Iron-dependent transcriptional regulation in Saccharomyces cerevisiae. (A) Activation of Aft1p under conditions of iron deprivation. The nuclear importin Pse1p mediates Aft1p translocation into the nucleus. Aft1p forms a complex with Grx3p and Grx4p, binds to DNA, and activates transcription. Although complex formation is not regulated by iron, it is not known whether complex formation occurs exclusively in the nucleus or also in the cytosol. “Coregulators” represent the numerous coactivators and corepressors that contribute to the regulation of the Aft1p regulon. These include the mediator complex, Snf1p/Snf4p, Ssn6, Nhp6p, Tup1, Hda1p, Cti6p, and heme. (B) Regulation of Aft1 activity under iron-replete conditions. Yfh1p, Grx5p, and glutathione are required for the production of ISC and the formation of an unknown compound that is a substrate for Atm1p. This compound is exported from mitochondria and may possibly be targeted to the nucleus. Under iron-replete conditions, Aft1p forms dimers that are recognized by the nuclear exportin Msn5p and lead to the accumulation of Aft1p in the cytosol. In a hypothetical model for the regulation of Aft1p, the production of the substrate for Atm1p is proportional to cellular iron levels. This substrate accumulates in the nucleus and leads to the dimerization of Aft1p, perhaps through the formation of a mixed disulfide bridge, and the complex is exported from the nucleus.

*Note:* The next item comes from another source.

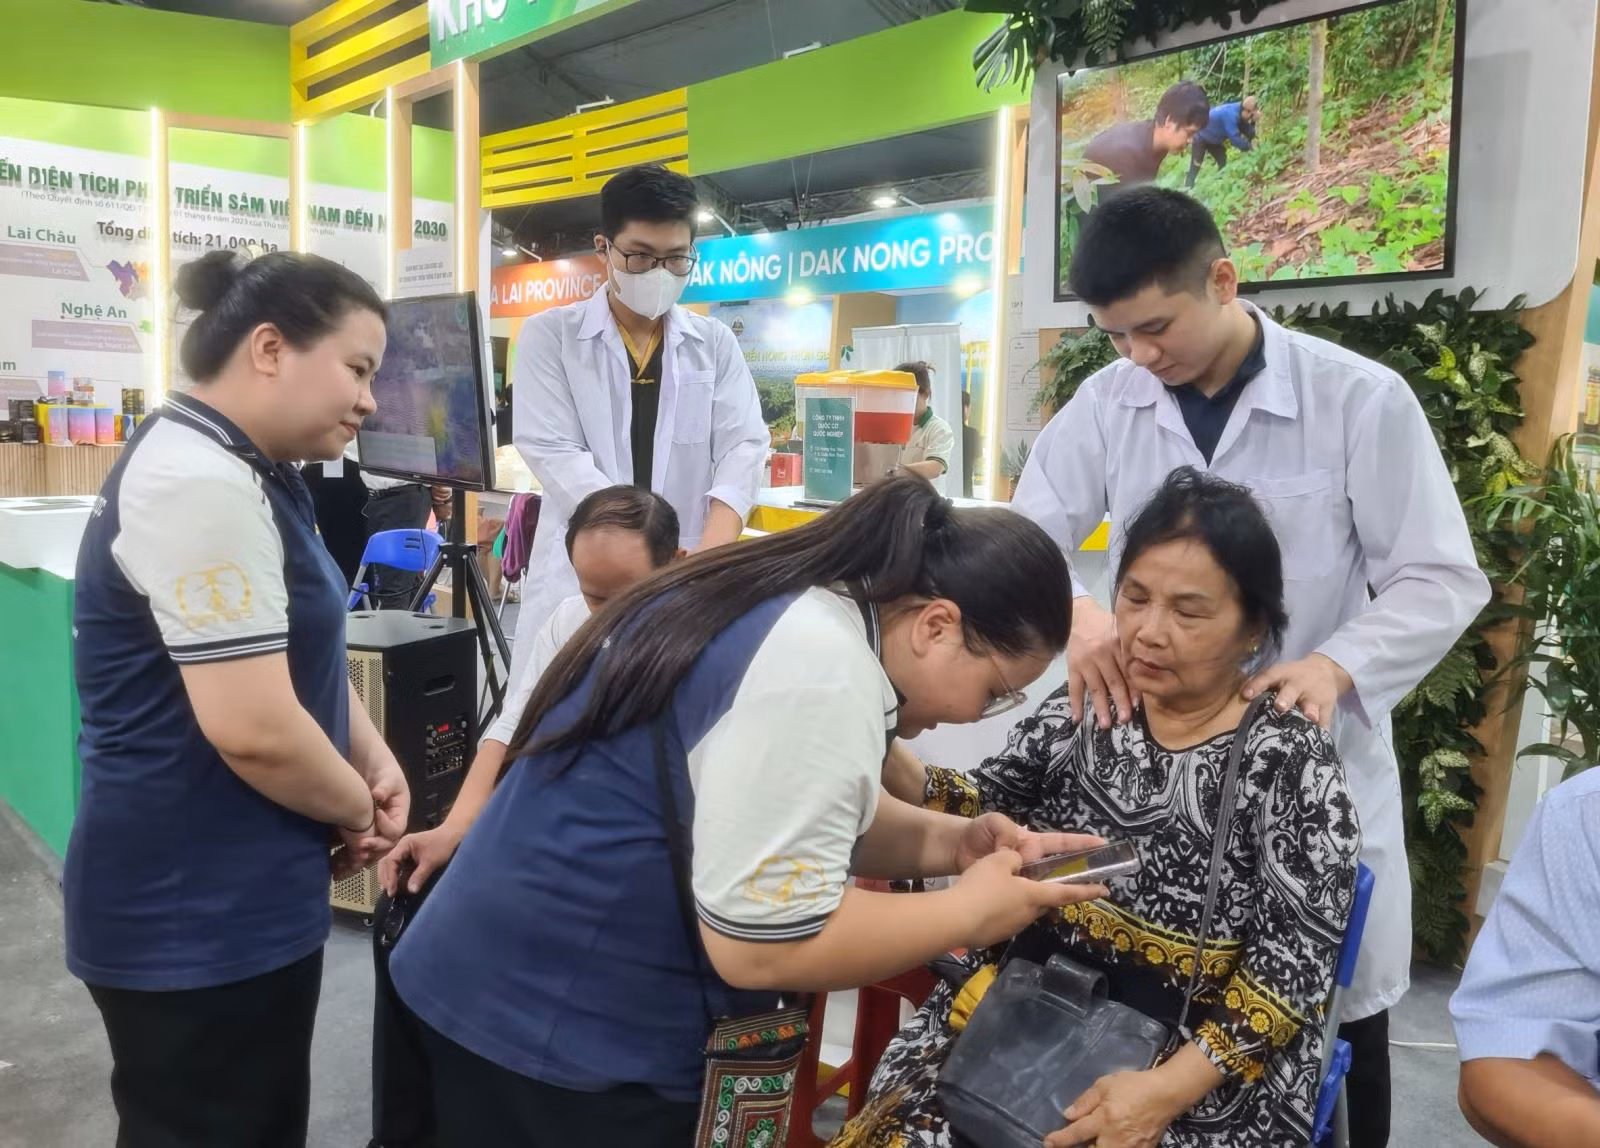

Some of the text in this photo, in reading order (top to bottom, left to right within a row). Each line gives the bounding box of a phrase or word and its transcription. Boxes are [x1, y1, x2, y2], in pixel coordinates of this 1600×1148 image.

Response to iron deprivation in Saccharomyces cerevisiae. Proteins under the transcriptional control of Aft1p and Aft2p are labeled with black text. Ccc1p, proteins of the tricarboxylic acid cycle, the respiratory cytochromes, and the glutamate, heme, and biotin biosynthetic pathways are down-regulated during iron deficiency and are indicated with gray text.